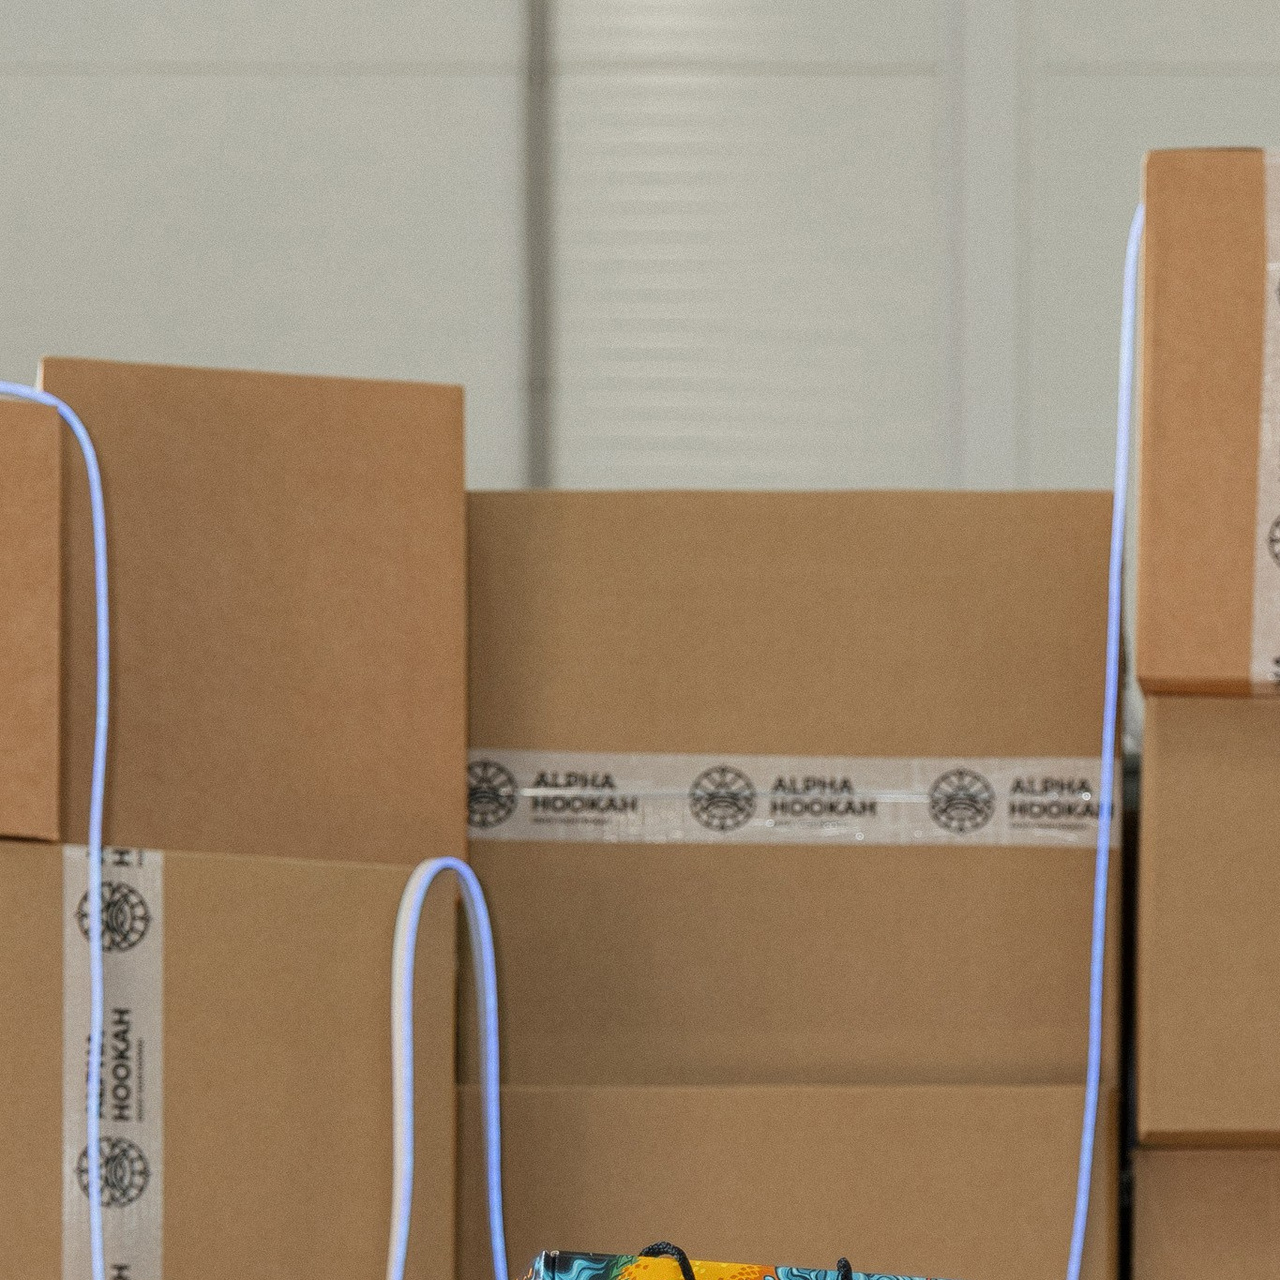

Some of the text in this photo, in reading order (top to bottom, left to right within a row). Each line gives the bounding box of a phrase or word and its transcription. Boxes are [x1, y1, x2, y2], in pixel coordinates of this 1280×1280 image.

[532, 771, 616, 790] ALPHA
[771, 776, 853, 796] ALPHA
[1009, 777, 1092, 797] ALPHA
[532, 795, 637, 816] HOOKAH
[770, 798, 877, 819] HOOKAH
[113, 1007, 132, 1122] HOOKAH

-=-=-

_Prompt_
Quote all of the entries word for word, omitting any pictures.

_Response area_
Some of the text in this photo, in reading order (top to bottom, left to right within a row). Each line gives the bounding box of a phrase or word and its transcription. Boxes are [x1, y1, x2, y2], in pixel coordinates of this 1280×1280 image.

[532, 771, 616, 790] ALPHA
[771, 776, 853, 796] ALPHA
[1009, 777, 1092, 797] ALPHA
[532, 795, 637, 816] HOOKAH
[770, 798, 877, 819] HOOKAH
[113, 1007, 132, 1122] HOOKAH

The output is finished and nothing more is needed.